Suivi médical des travailleurs exposé à l'amiante : les recommandations des médecins du travail

Nos services 20/04/2022

Les recommandations des médecins du travail pour le suivi des travailleurs exposés à l'amiante

La Société Française des Médecins du Travail (SFMT) vient de publier des recommandations pour le suivi médical des travailleurs exposés à l'amiante ou au plomb.

Le document de la SFMT

La SMFT vient de publier un fascicule intitulé "Rôle des SPST pour la traçabilité des expositions".

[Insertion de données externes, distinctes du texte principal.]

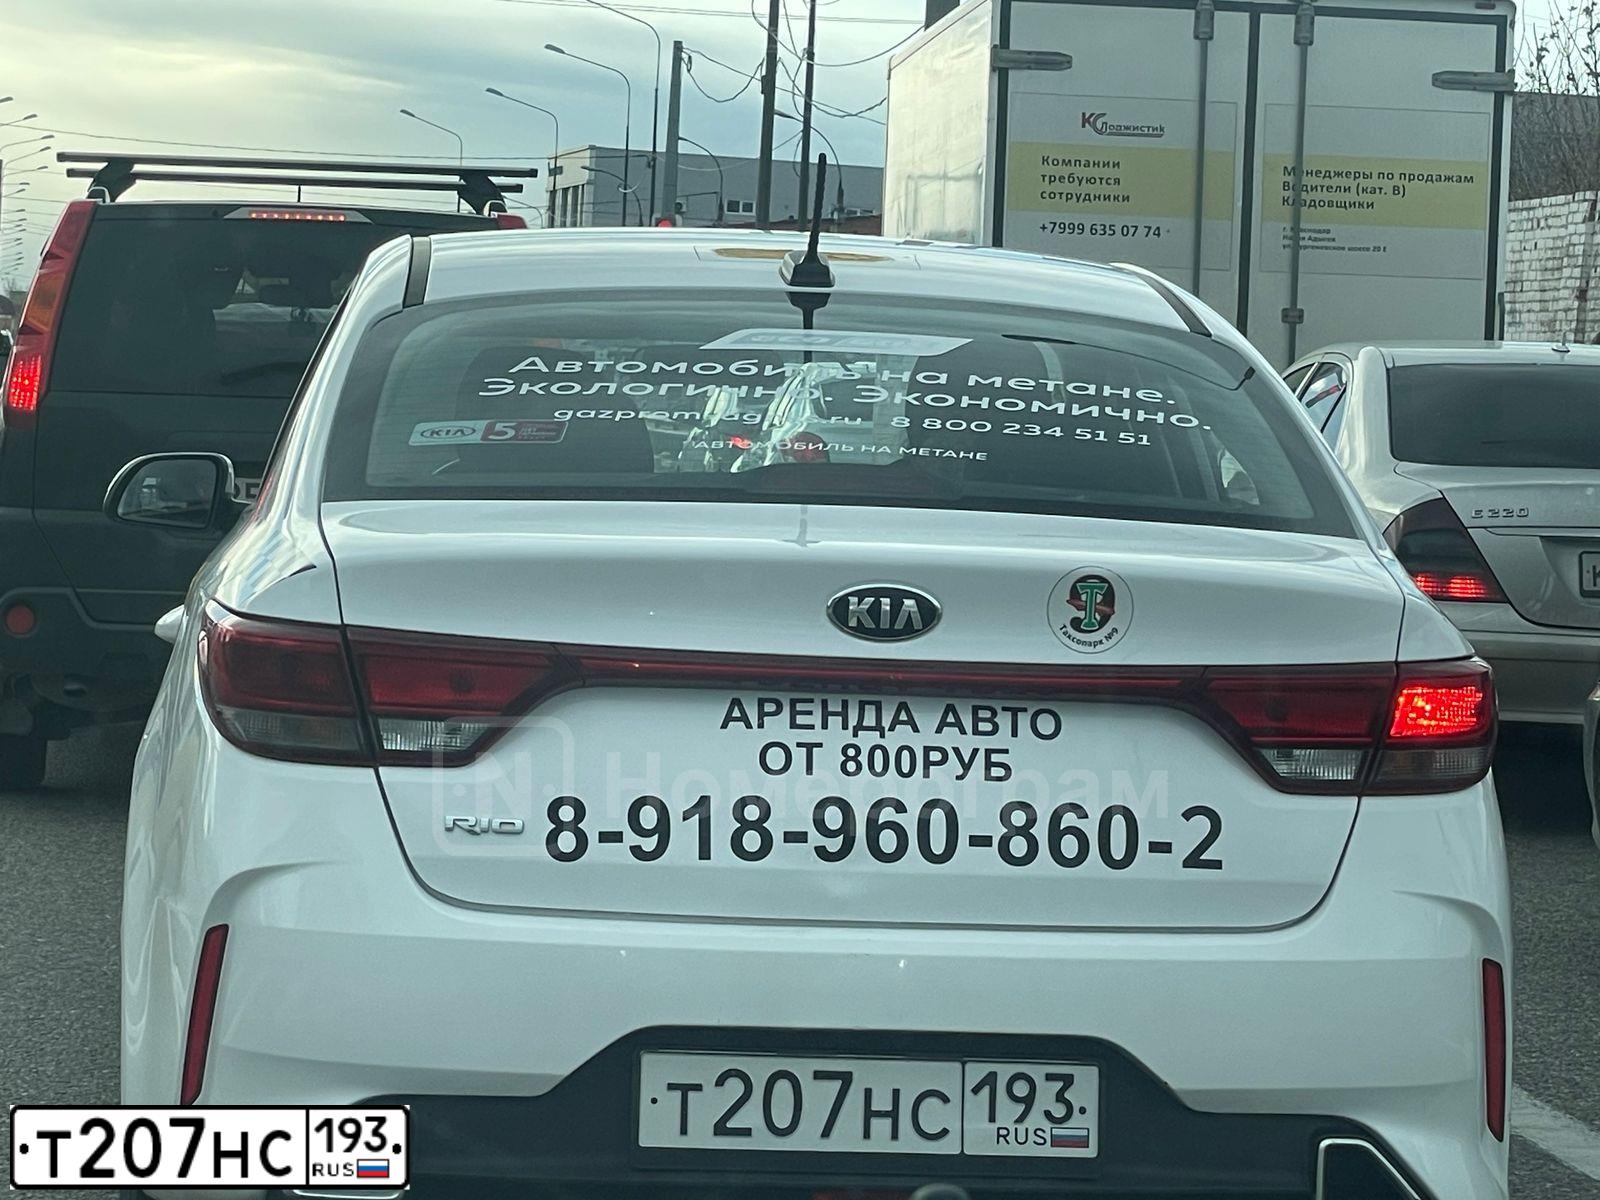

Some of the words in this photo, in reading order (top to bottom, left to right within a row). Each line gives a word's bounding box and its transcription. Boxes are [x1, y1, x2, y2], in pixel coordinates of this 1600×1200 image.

L'objectif de ce document est de fournir des recommandations "précisant le cadre juridique, délimitant le rôle des Services de Prévention et de Santé au Travail et effectuant des recommandations sur la mise en oeuvre des visites en vue d'un suivi post-exposition ou post-professionnel". Il fait notamment suite au renforcement réglementaire de certaines visites médicales.

Les recommandations des médecins du travail pour le suivi des travailleurs exposés à l'amiante

Dans ce document sont visés les travailleurs bénéficiant d'un SIR (Suivi Individuel Renforcé). Sont concernés les travailleurs du BTP, certains travilleurs de l'industrie, les agents de maintenance, les opérateurs de répérages amiante, etc.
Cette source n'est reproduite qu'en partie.